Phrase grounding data
━━━━━━━━
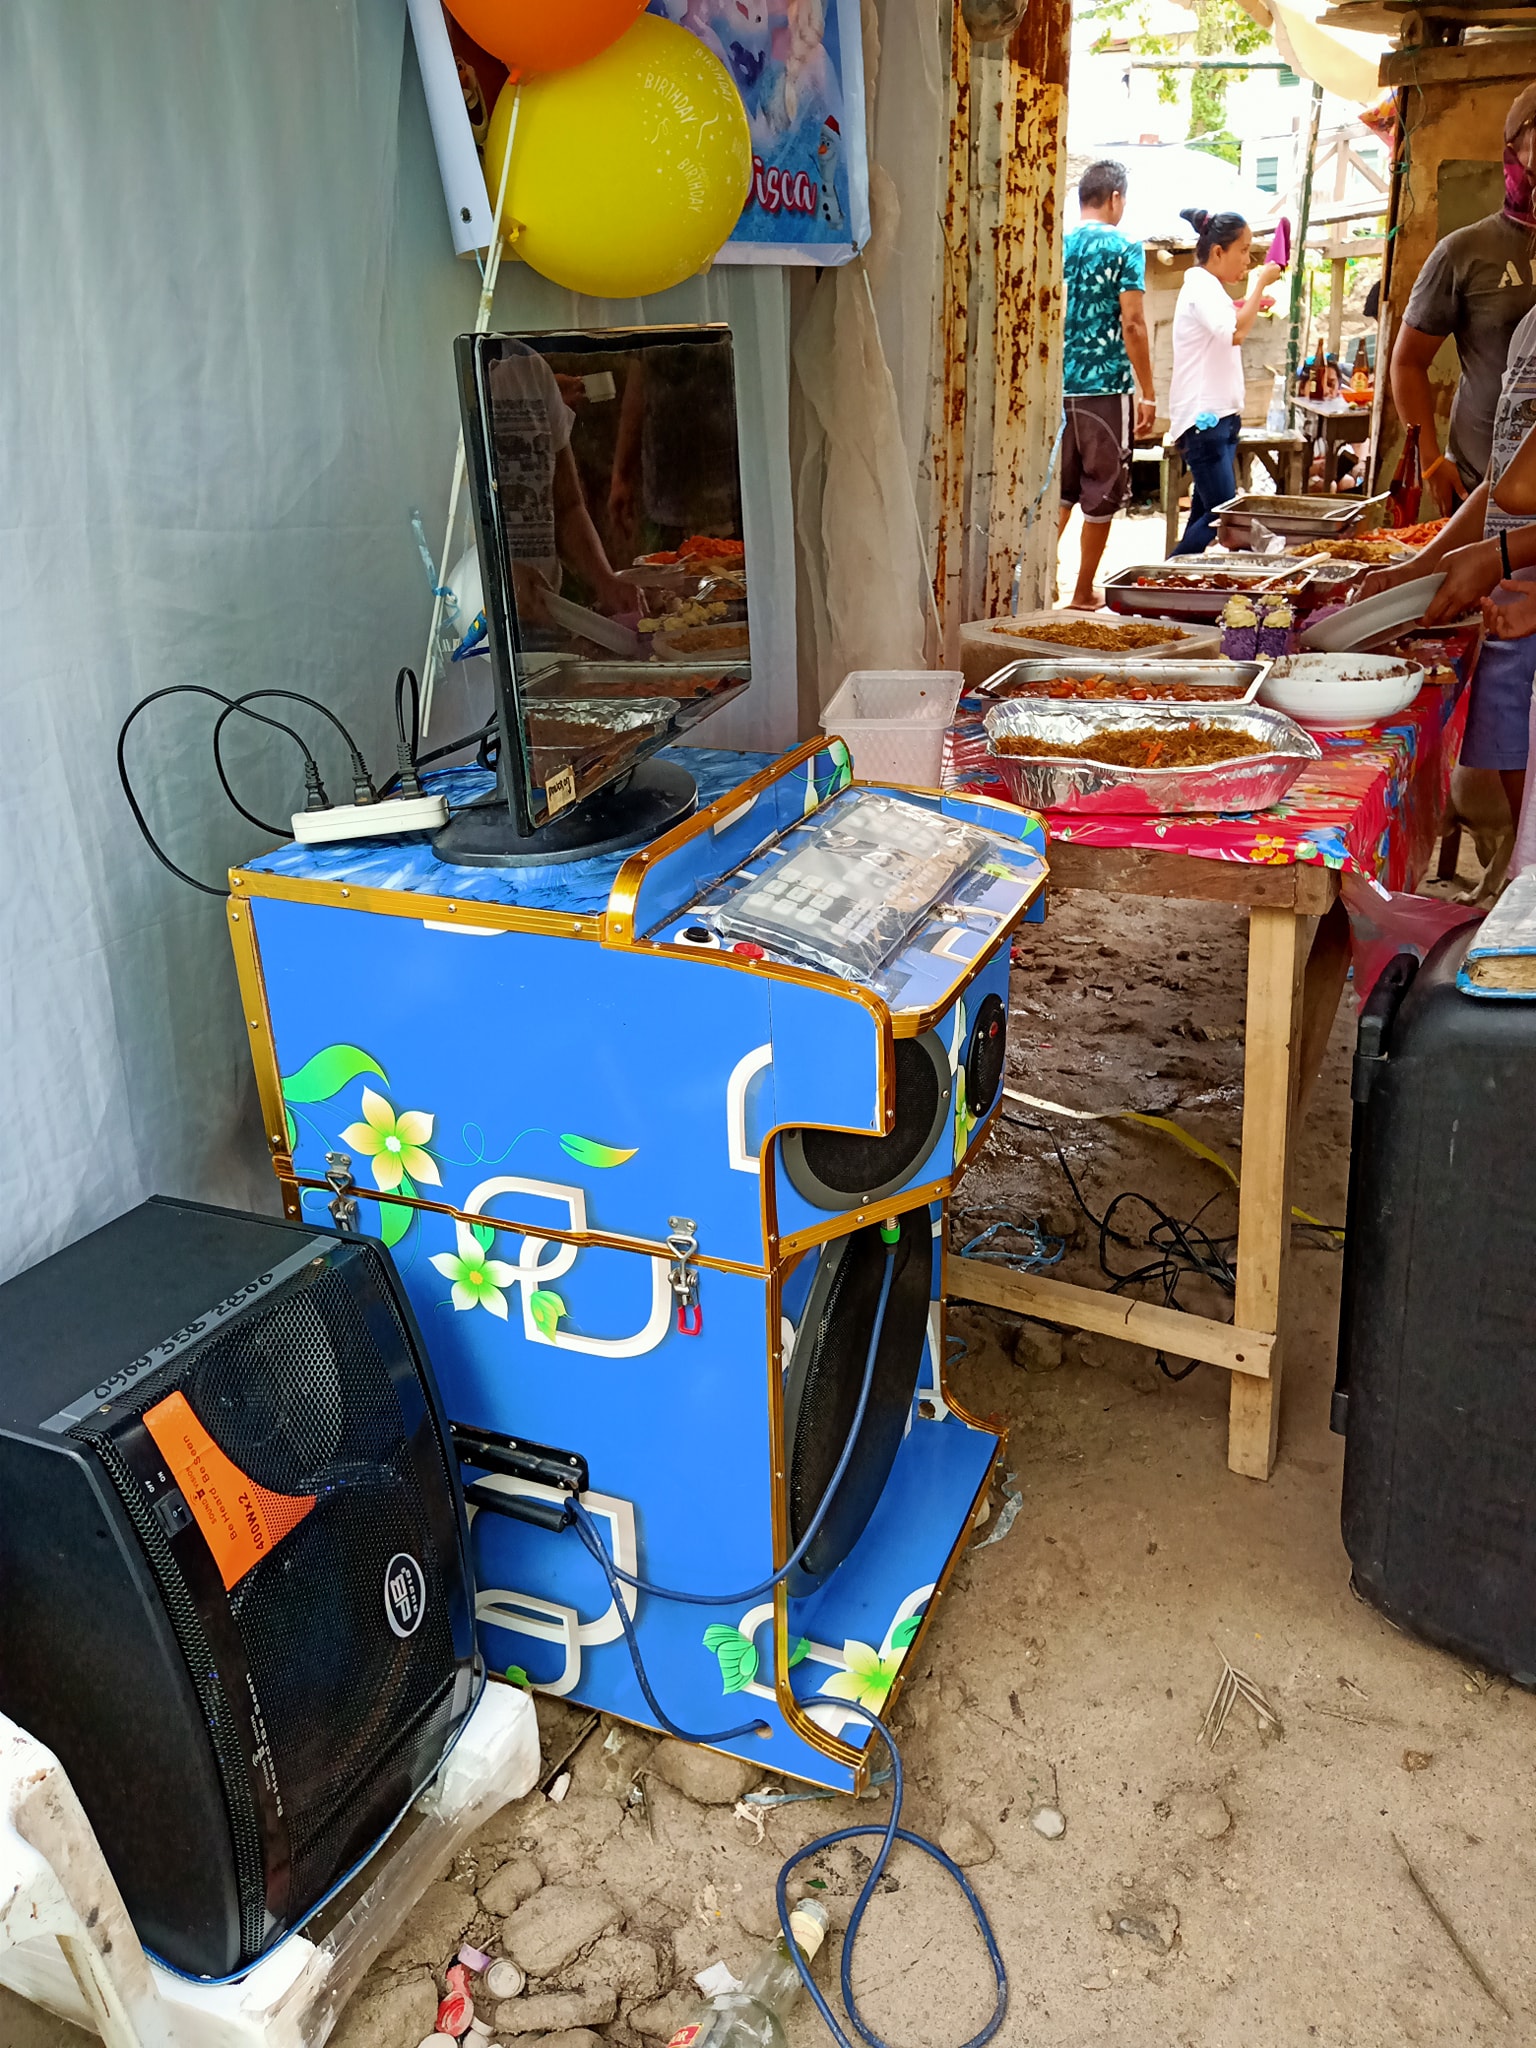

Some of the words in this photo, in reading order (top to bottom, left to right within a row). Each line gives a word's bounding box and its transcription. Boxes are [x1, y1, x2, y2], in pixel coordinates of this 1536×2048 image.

[644, 73, 699, 124] BIRTHDAY
[695, 48, 734, 106] BIRTHDAY
[676, 157, 705, 213] BIRTHDAY
[751, 156, 817, 214] isca
[94, 1355, 152, 1399] 0909
[153, 1321, 206, 1355] 358
[211, 1273, 273, 1316] 2800
[183, 1435, 201, 1465] Seen
[200, 1466, 210, 1483] Be
[201, 1498, 217, 1525] SOUND
[228, 1523, 238, 1541] Be
[238, 1492, 264, 1550] 400Wx2
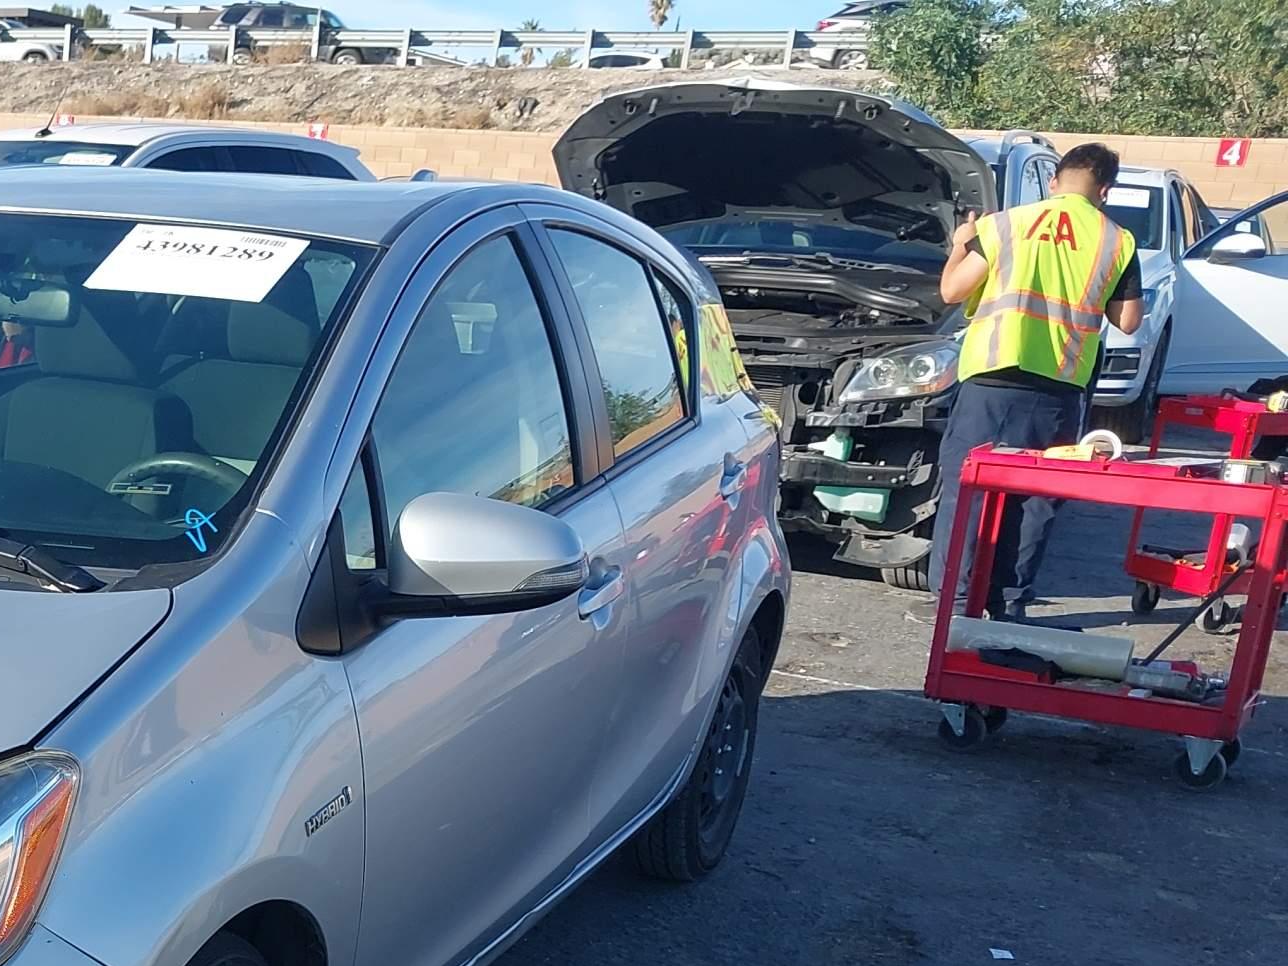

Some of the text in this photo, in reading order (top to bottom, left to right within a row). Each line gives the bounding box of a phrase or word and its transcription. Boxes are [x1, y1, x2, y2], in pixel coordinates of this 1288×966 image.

[1222, 140, 1242, 165] 4
[136, 239, 275, 262] 43981289
[307, 795, 346, 834] HYBRID
━━━━━━━━
What you need to do:
All of the records need to be restated word for word, but not the pictures.

Written reply:
Some of the words in this photo, in reading order (top to bottom, left to right within a row). Each line gives a word's bounding box and its transcription. Boxes are [x1, y1, x2, y2], in pixel coordinates of this 1536×2048 image.

[644, 73, 699, 124] BIRTHDAY
[695, 48, 734, 106] BIRTHDAY
[676, 157, 705, 213] BIRTHDAY
[751, 156, 817, 214] isca
[94, 1355, 152, 1399] 0909
[153, 1321, 206, 1355] 358
[211, 1273, 273, 1316] 2800
[183, 1435, 201, 1465] Seen
[200, 1466, 210, 1483] Be
[201, 1498, 217, 1525] SOUND
[228, 1523, 238, 1541] Be
[238, 1492, 264, 1550] 400Wx2

Some of the text in this photo, in reading order (top to bottom, left to right within a row). Each line gives the bounding box of a phrase or word and its transcription. Boxes are [x1, y1, x2, y2], in pixel coordinates of this 1288×966 image.

[1222, 140, 1242, 165] 4
[136, 239, 275, 262] 43981289
[307, 795, 346, 834] HYBRID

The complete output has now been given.